Donating was pretty odd here. I tried to donate a ways back but they didn't have any openings for platelets and I wound up having to donate Whole Blood again. When I did donate, they stuck an underlying nerve by picking a vein I'd asked them not to use, and it took a long while to heal.

I was a little nervous about going in this time, because I imagined getting that whole Junkie-Limb Procedure again. Instead, this aging Islamic convert shows up with her beautiful hijab pinned with one of those tiny gold fibulas, and tucked neatly into her labcoat, gives me the All Clear and tries (successfully) two new and completely asymmetrical veins to donate Platelets with something other than the TRICA Machine I was used to.
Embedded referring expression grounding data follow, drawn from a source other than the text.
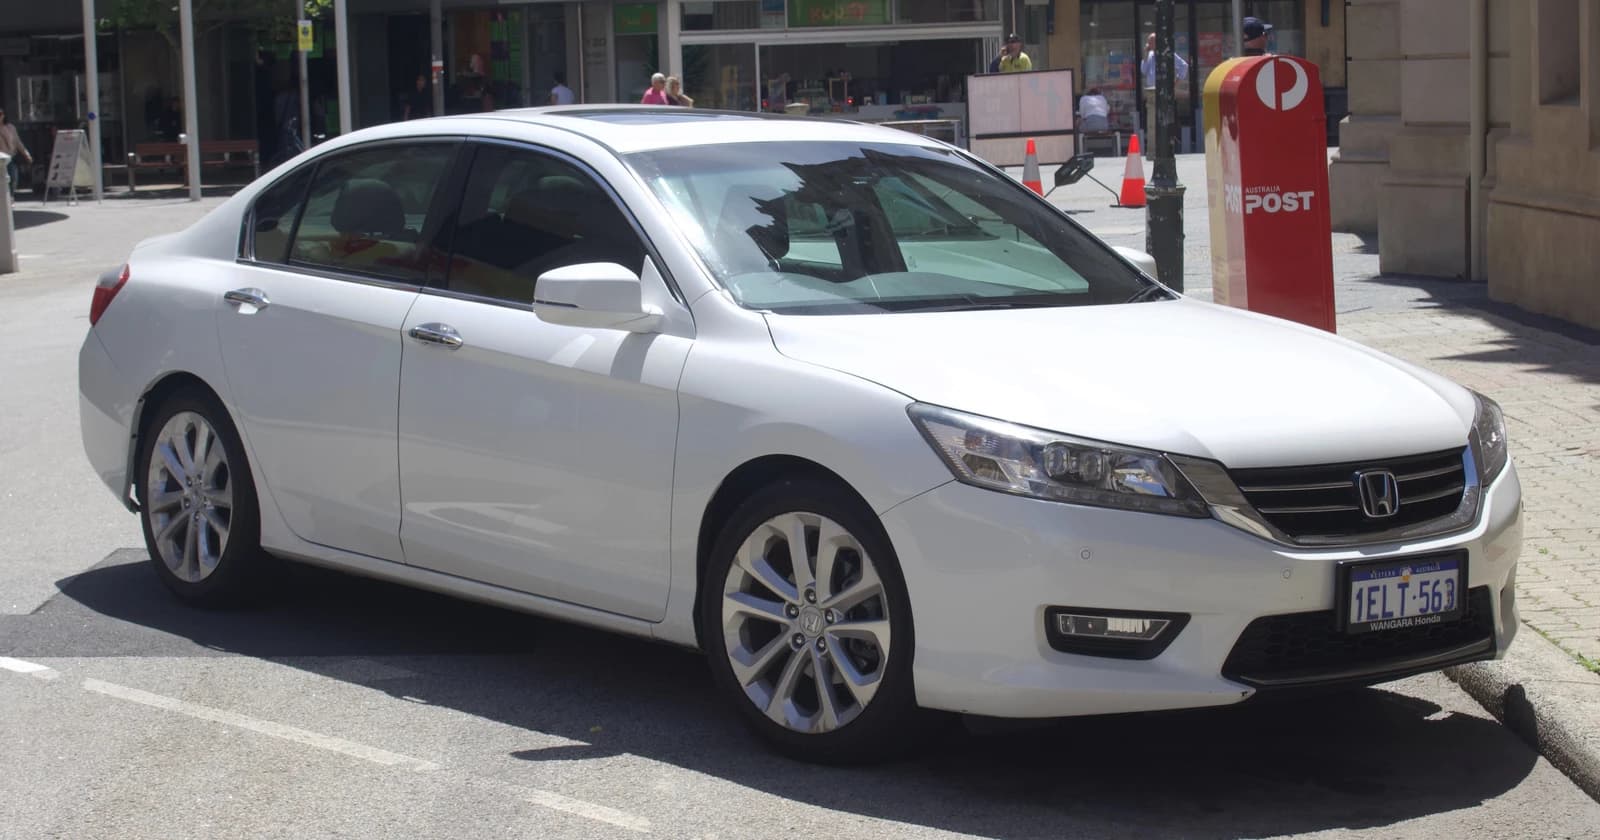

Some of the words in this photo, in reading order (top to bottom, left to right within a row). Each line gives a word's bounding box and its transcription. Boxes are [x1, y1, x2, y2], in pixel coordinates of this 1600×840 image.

[1245, 185, 1280, 194] AUSTRALIA
[1245, 191, 1315, 214] POST
[1370, 619, 1413, 632] WANGARA
[1415, 614, 1441, 625] Honda
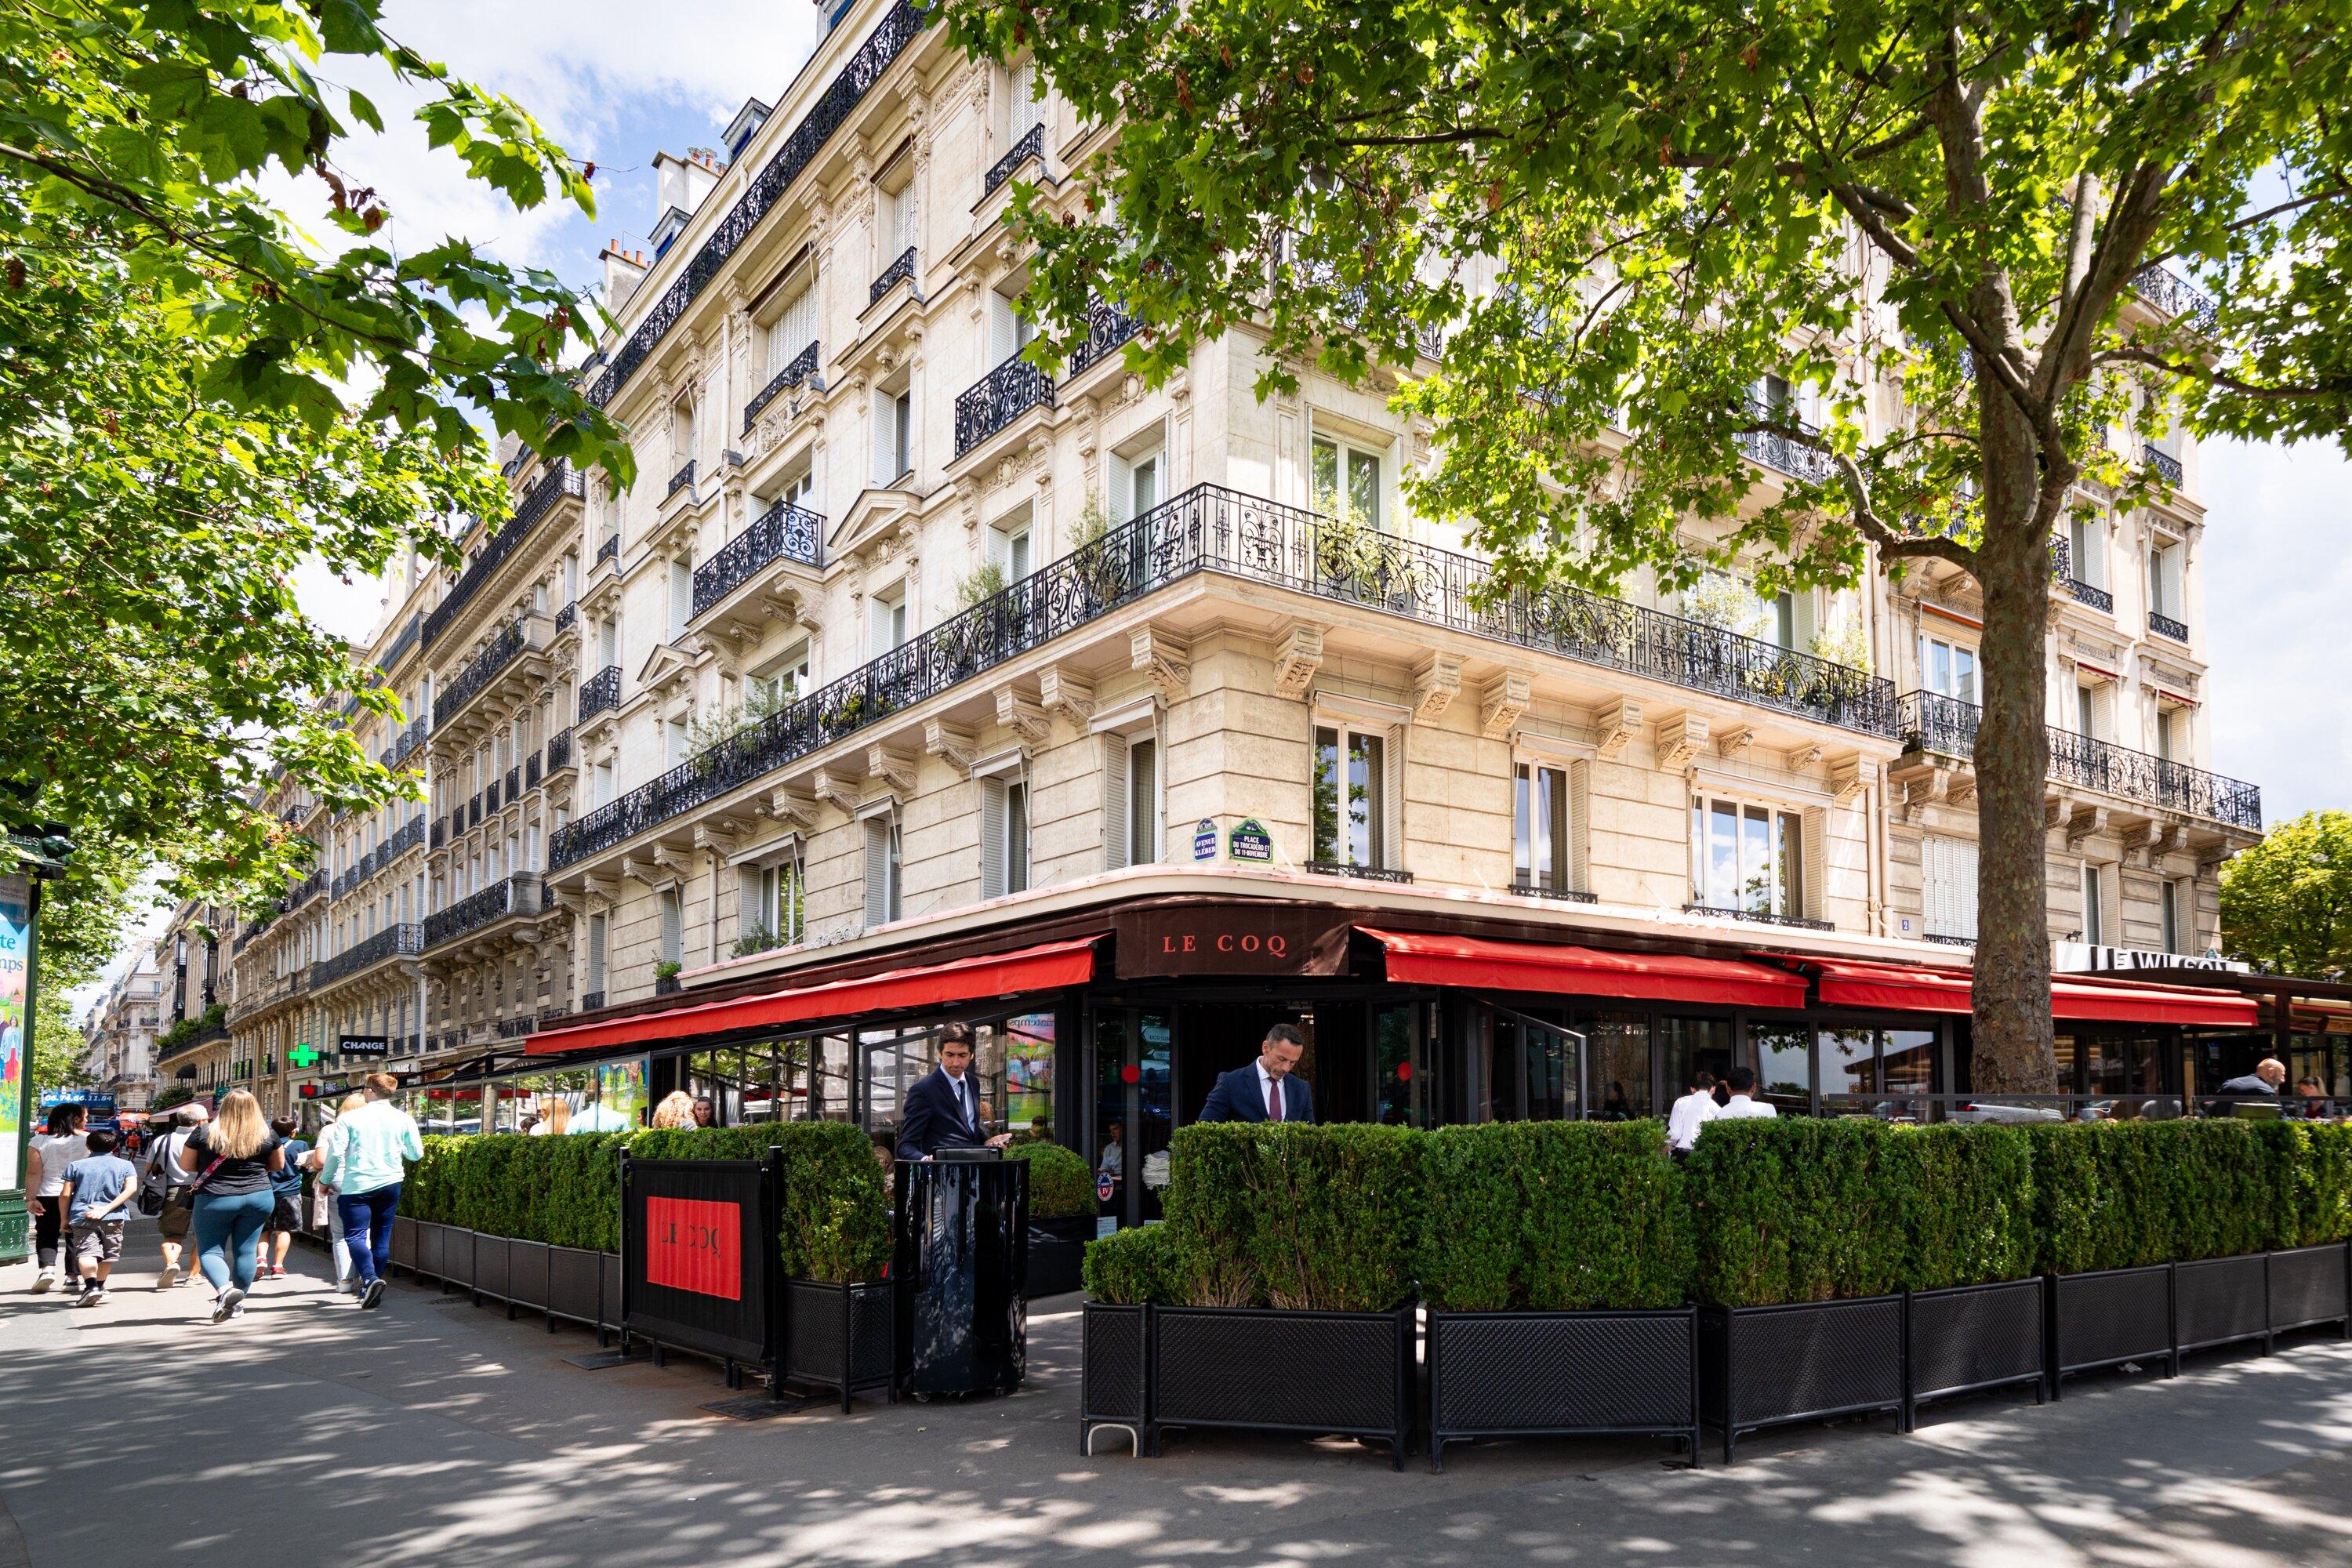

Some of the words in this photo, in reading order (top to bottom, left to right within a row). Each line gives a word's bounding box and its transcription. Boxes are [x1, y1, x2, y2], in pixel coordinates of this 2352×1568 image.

[1196, 837, 1215, 848] AVENUE
[1195, 846, 1215, 856] KLÉBER
[1903, 920, 1908, 930] 2
[1163, 935, 1196, 953] LE
[1217, 935, 1286, 958] COQ
[343, 1040, 385, 1050] CHANGE
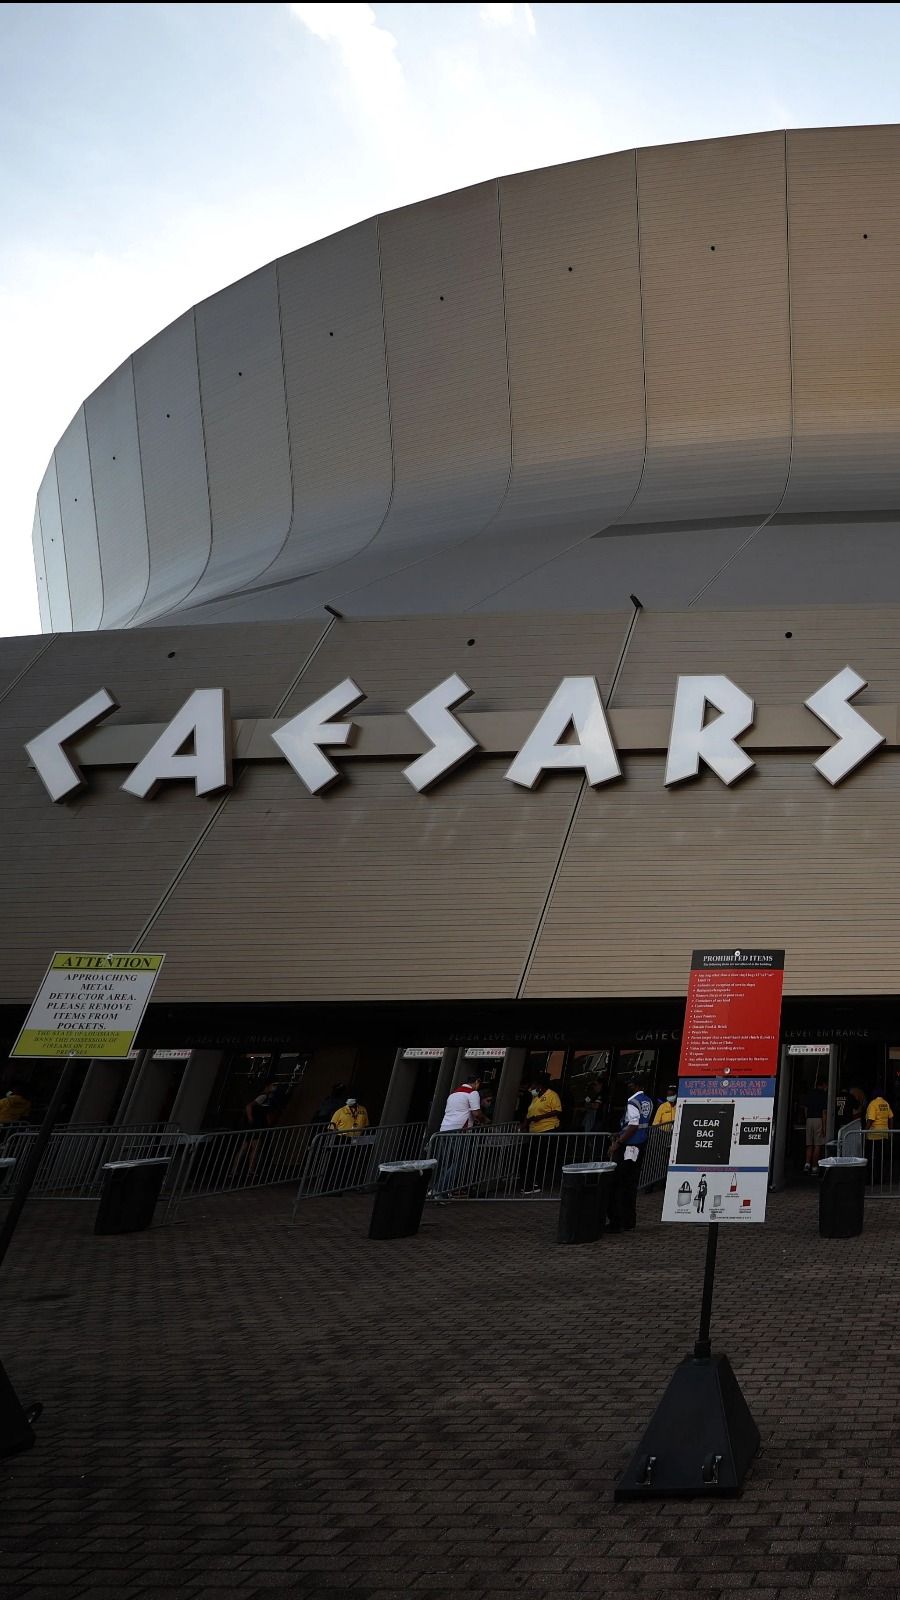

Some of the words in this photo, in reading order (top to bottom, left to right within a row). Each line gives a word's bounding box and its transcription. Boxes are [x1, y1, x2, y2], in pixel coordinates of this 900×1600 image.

[24, 666, 886, 802] CAESARS
[62, 957, 152, 968] ATTENTION
[64, 973, 138, 982] APPROACHING
[81, 983, 114, 991] METAL
[49, 992, 105, 1001] DETECTOR
[105, 993, 137, 1001] AREA.
[46, 1002, 86, 1010] PLEASE
[88, 1003, 132, 1011] REMOVE
[53, 1012, 86, 1020] ITEMS
[87, 1012, 118, 1021] FROM
[57, 1022, 107, 1030] POCKETS.
[816, 1029, 871, 1039] ENTRANCE
[836, 1101, 846, 1116] 7
[693, 1119, 720, 1127] CLEAR
[696, 1130, 714, 1138] BAG
She was very kind, as well. And she liked my jokes. Trying a vein in my wrist for returns and using the typical elbow-joint vein for withdraws, she puts the wrist one in and asks, "Does that feel okay?"

Being a charming smartass, I replied, "It feels great. I'd actually like you to do it to my other arm, too!"
Giggle-snorts from the entire facility went off and she laughed, obliging.

I think, when I go in for my final Platelet donation, I'll get a nice photo of her and her name so that I can show her off. She's quite possibly the nicest person I know, and I admired her for being so open with developments in the phlebotomy community's technology and the plight of the transgendered donor. Or even my situation: I'm in love, but I'd better not let it get too far ahead of itself if I want to help anyone.

I don't know. It was just really cool, and I feel sort of progressed. Onto marrow and maybe sperm, if that's not totally weird.


Sunday, April 1, 2012

Pious Beyond Amusing Implications.

This day begins what is an eight-day period of fasting, meditation, abstinence, and reading on my part.

I am beginning with the Gospel of Judas Iscariot and proceeding onto my metaphysical manuals.

All the time I've spent honing my body dwarfs the investment I have made spiritually. I will amend this.

Pardon the austere tone, I am simply thinking.